A Randomized Controlled Trial Comparing Laser Intra-Hemorrhoidal Coagulation and Milligan-Morgan Hemorrhoidectomy.

J Invest Surg 2017 Oct 2;30(5):325-331. Epub 2016 Nov 2.

a Department of Surgery , Shariati Hospital, Tehran University of Medical Sciences , Tehran , Iran.

Purpose: To compare laser intra-hemorrhoidal coagulation with Milligan-Morgan (MM) hemorrhoidectomy.

Method: Patients with symptomatic grade II or III internal hemorrhoids according to the Goligher's classification (refractory to medical treatment) were enrolled in this double-blinded randomized controlled trial study. In the laser group, hemorrhoidal columns were coagulated using a 980-nanometer (nm) radial laser emitting fiber (three, 15-W pulses of 1.2 s each, with 0.6-s intervals). Operative time, postoperative pain and complications, and recovery or resolution of symptoms were measured. Patients were followed up for at least one year for evaluating healing, resolution of symptoms, and late complications.

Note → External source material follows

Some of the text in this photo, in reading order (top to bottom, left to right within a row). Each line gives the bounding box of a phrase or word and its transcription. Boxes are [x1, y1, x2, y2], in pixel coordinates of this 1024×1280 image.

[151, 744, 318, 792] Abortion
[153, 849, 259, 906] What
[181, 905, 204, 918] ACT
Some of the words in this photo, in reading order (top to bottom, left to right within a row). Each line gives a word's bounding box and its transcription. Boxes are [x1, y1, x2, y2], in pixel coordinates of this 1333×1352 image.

Results: Postoperative pain scores (at 12, 18, and 24 hr after surgery) were significantly lower in the laser group compared with the MM group (p <.01). The operative time and intra-operative blood loss were more in the MM group (p <.001). The administration of analgesics was significantly reduced in the laser group (p <.05). Two patients in the laser group were presented with thrombosis of external hemorrhoid 7-10 days after the procedure, which was resolved with medical treatment, but no patients in the MM group developed hemorrhoidal thrombosis (p >.05). One-year follow-up showed comparable results in terms of the resolution of symptoms and sustainable cure.

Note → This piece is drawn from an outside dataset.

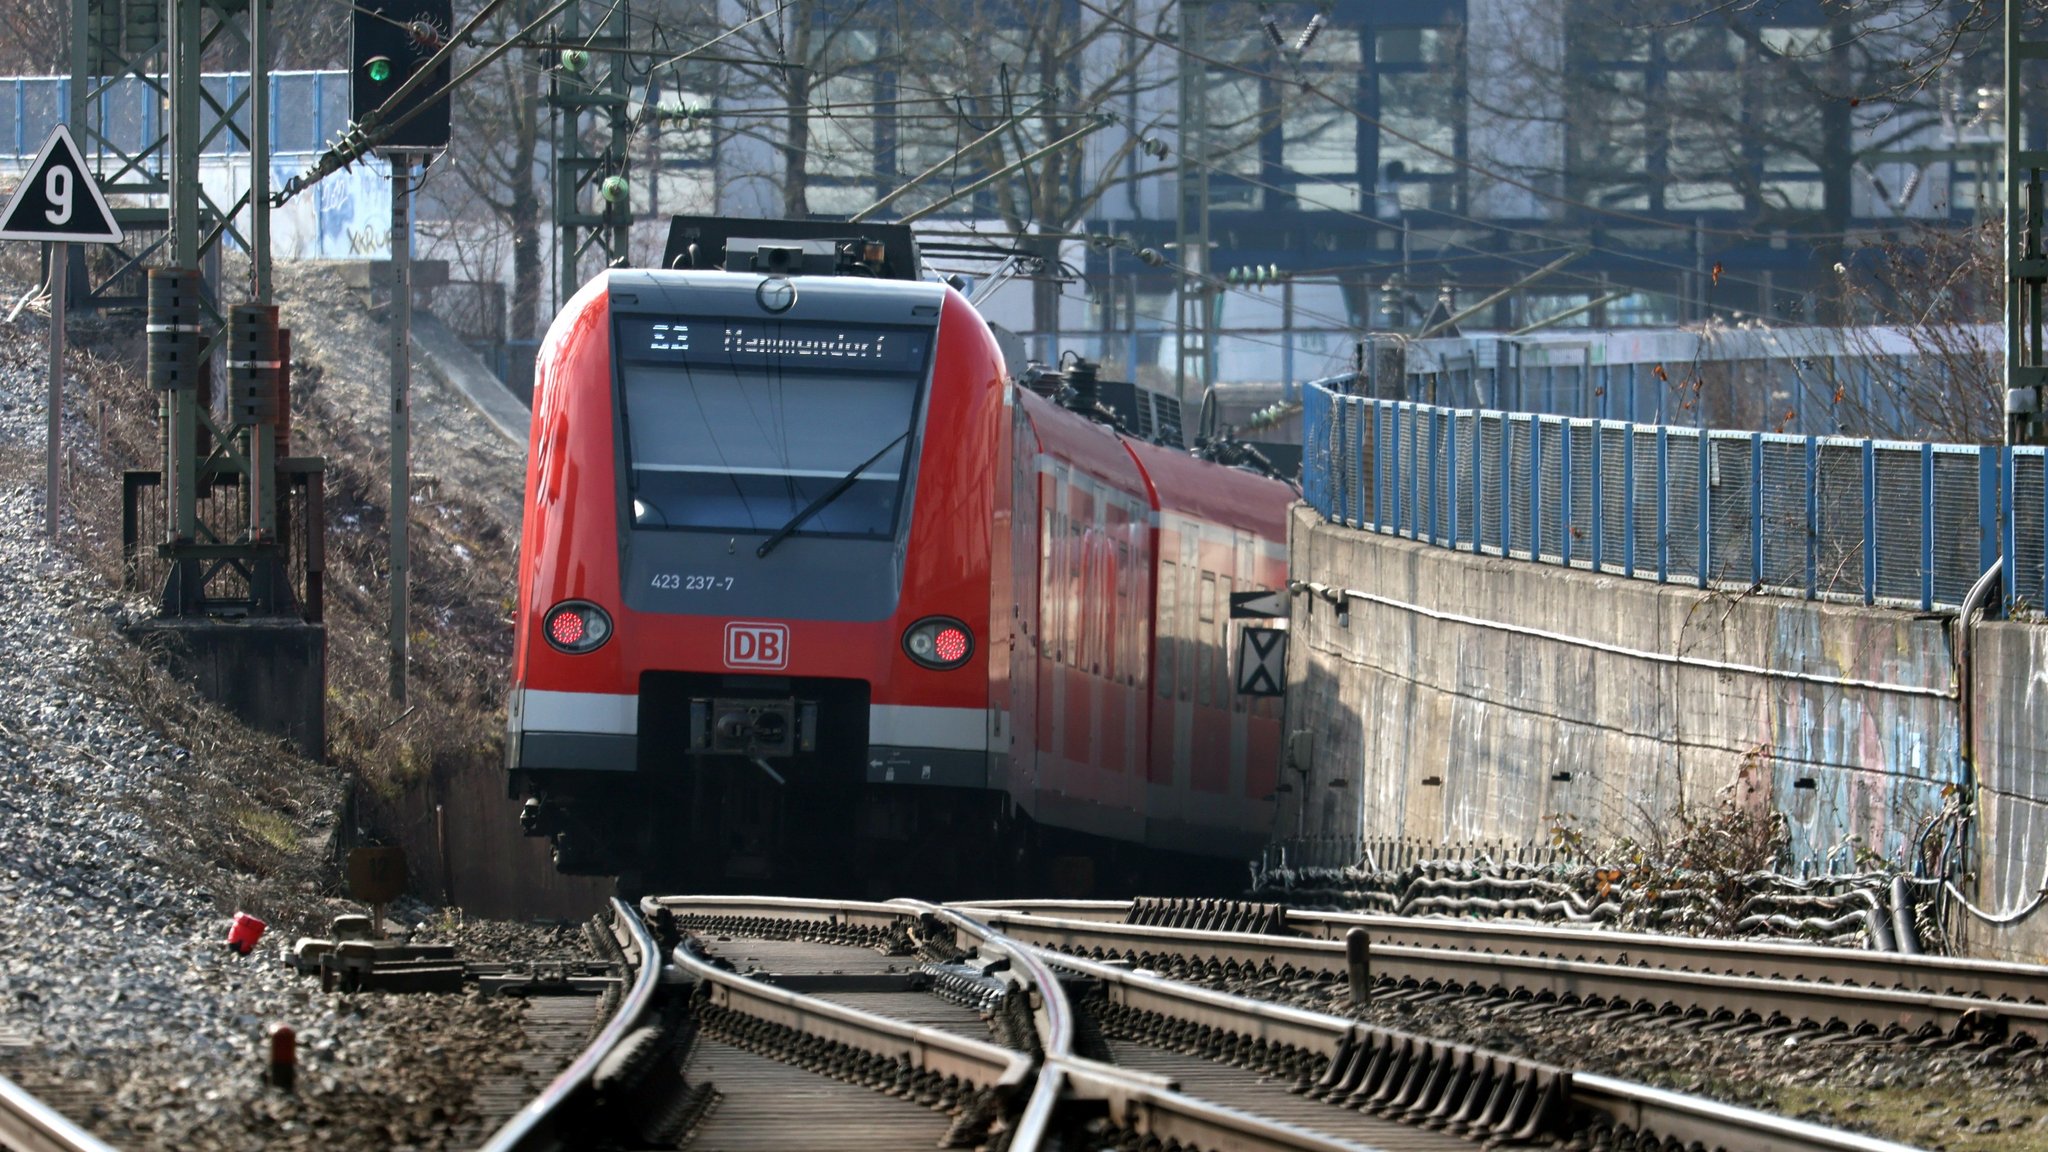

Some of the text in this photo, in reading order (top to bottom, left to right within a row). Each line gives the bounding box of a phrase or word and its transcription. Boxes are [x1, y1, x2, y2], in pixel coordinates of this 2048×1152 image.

[45, 165, 73, 225] 9
[651, 574, 734, 591] 423 237-7
[732, 630, 781, 662] DB

Conclusions: Intra-hemorrhoidal coagulation with 980-nm diode laser reduces postoperative pain, intra-operative bleeding, and administered analgesics with a comparable resolution rate of hemorrhoid symptoms. However, for the patients who experience complications, such as hemorrhoidal thrombosis, the overall pain may be equivalent to or even worse than conventional hemorrhoidectomy.